2017
Kehidupan Seorang Murid
August 2017


Pesan Presidensi Utama, Agustus 2017

Kehidupan Seorang Murid

Tiga puluh tahun lalu di Ghana, seorang mahasiswi muda perguruan tinggi bernama Doe melangkah masuk ke gedung pertemuan OSZA untuk pertama kalinya. Seorang teman telah mengundang Doe untuk datang bersamanya, dan Doe merasa ingin tahu seperti apa Gereja itu.

Orang-orangnya begitu baik dan ramah sehingga dia bertanya-tanya, “Gereja macam apakah ini?”

Doe merasa sangat terkesan sehingga dia memutuskan untuk belajar lebih lanjut mengenai Gereja dan orang-orangnya, yang dipenuhi dengan begitu banyak sukacita. Tetapi segera setelah dia mulai melakukannya, keluarga dan teman-teman yang bermaksud baik mulai menentangnya dengan segala cara. Mereka mengatakan hal-hal buruk tentang Gereja dan melakukan segalanya untuk menghalangi dia.

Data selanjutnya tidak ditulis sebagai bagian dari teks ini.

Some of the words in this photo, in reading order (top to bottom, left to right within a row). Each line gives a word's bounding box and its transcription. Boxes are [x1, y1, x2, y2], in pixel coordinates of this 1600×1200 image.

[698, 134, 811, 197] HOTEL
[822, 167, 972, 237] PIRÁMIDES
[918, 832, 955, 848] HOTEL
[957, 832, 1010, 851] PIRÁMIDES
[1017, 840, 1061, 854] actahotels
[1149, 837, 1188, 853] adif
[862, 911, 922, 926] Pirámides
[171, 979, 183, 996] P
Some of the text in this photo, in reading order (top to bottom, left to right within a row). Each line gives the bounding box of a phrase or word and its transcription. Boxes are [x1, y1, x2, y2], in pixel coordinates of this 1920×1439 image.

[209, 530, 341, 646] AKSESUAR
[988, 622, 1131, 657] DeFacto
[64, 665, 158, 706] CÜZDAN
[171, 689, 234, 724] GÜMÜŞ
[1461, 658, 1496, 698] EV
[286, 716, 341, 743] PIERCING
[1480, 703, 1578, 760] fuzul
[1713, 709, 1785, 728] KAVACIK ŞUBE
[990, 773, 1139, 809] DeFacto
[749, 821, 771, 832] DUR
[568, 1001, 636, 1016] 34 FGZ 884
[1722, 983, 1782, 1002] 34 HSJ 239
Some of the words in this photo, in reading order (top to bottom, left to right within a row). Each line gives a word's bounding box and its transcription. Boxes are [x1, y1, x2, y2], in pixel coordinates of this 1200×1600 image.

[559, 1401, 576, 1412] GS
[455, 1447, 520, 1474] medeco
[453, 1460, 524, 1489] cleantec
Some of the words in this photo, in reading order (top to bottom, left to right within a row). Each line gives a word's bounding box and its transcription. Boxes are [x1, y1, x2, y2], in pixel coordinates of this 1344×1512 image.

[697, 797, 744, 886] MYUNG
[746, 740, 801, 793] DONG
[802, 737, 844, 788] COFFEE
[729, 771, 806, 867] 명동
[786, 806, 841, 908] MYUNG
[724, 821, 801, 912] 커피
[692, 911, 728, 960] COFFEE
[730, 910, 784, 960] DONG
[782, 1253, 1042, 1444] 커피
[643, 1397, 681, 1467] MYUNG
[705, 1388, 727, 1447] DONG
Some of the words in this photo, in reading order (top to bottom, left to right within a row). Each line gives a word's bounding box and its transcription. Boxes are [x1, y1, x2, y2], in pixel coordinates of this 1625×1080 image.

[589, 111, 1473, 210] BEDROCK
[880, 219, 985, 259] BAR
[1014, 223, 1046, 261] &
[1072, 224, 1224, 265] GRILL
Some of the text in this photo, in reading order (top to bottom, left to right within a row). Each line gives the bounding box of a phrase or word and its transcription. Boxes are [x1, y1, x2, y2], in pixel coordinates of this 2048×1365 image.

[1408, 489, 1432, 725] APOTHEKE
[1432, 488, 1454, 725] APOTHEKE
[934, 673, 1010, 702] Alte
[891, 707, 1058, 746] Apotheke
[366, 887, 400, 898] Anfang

Tetapi Doe telah menerima sebuah kesaksian.

Dia memiliki iman, dan dia mengasihi Injil, yang telah mengisi hidupnya dengan sukacita. Maka dia memasuki air pembaptisan.

Setelah itu, dia membenamkan dirinya dalam penelaahan dan doa. Dia berpuasa dan mencari pengaruh Roh Kudus dalam hidupnya. Sebagai hasilnya, kesaksian dan iman Doe bertumbuh semakin kuat dan dalam. Akhirnya dia memutuskan untuk melayani misi penuh waktu bagi Tuhan.

Setelah kembali dari misinya, dia berkencan dan menikahi seorang purnamisionaris—orang yang sama yang telah membaptiskannya bertahun-tahun lalu—dan kemudian mereka dimeteraikan di Bait Suci Johannesburg Afrika Selatan.

Bertahun-tahun telah berlalu sejak Doe Kaku pertama kali mengalami sukacita dari Injil Yesus Kristus. Sepanjang waktu itu, hidup tidak selalu manis baginya. Dia telah mengalami kesedihan dan putus asa, termasuk kehilangan dua anaknya—dukacita mendalam dari pengalaman-pengalaman tersebut masih menjadi beban berat di hatinya.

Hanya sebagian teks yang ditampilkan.